| GOAL OF THE EXERCISE |
The entries are to be reproduced word for word, with all images left out.

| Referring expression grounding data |
━━━━

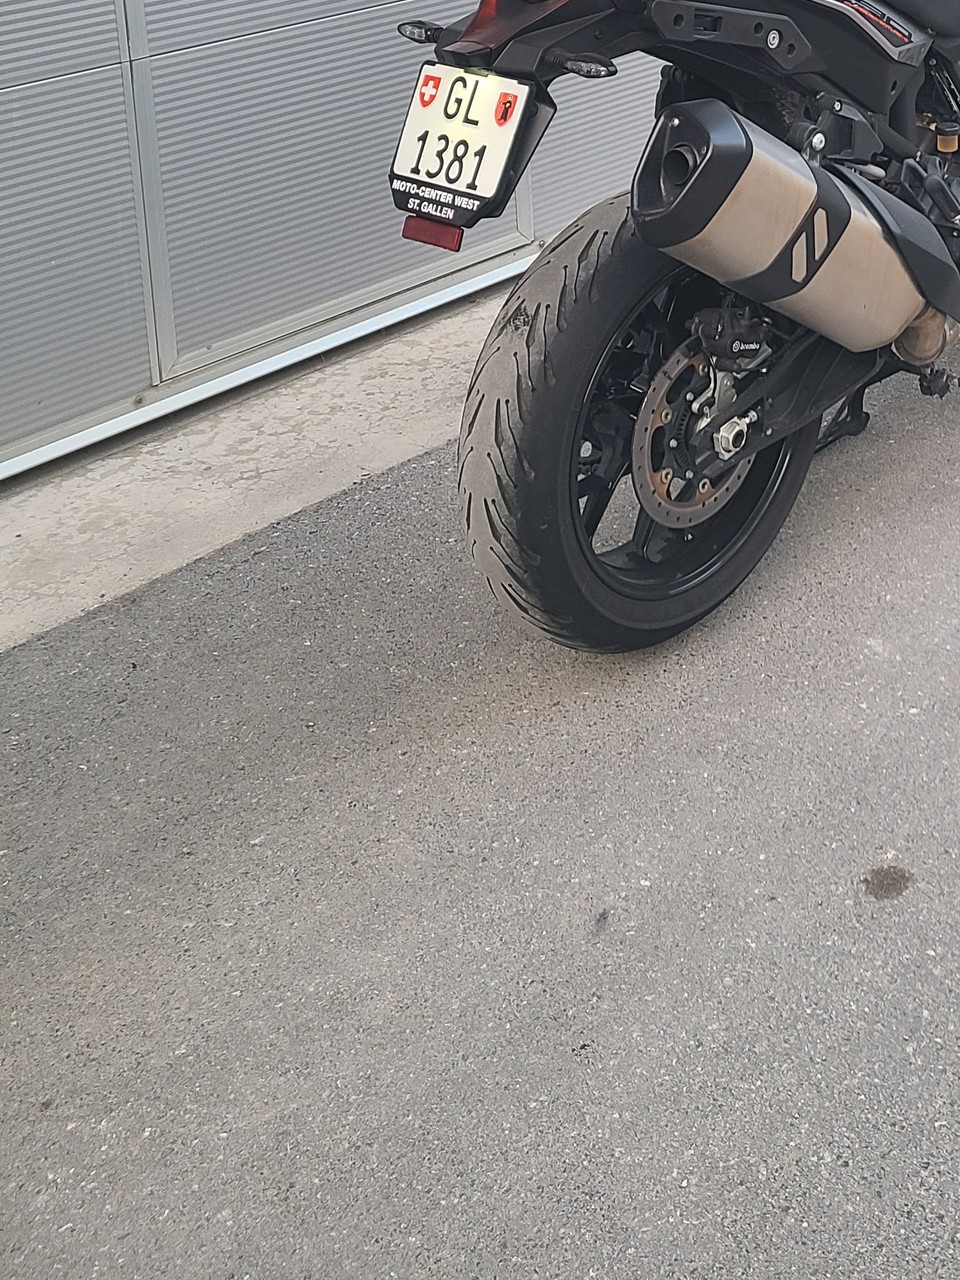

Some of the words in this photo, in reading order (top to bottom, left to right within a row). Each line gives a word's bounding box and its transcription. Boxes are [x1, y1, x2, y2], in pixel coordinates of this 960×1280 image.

[443, 76, 480, 126] GL
[410, 129, 487, 191] 1381
[392, 178, 454, 205] MOTO-CENTER
[454, 194, 480, 212] WEST
[407, 197, 421, 211] ST.
[420, 201, 455, 220] GALLEN

━━━━

| RESPONSE |
Some of the words in this photo, in reading order (top to bottom, left to right within a row). Each line gives a word's bounding box and its transcription. Boxes are [x1, y1, x2, y2], in pixel coordinates of this 960×1280 image.

[443, 76, 480, 126] GL
[410, 129, 487, 191] 1381
[392, 178, 454, 205] MOTO-CENTER
[454, 194, 480, 212] WEST
[407, 197, 421, 211] ST.
[420, 201, 455, 220] GALLEN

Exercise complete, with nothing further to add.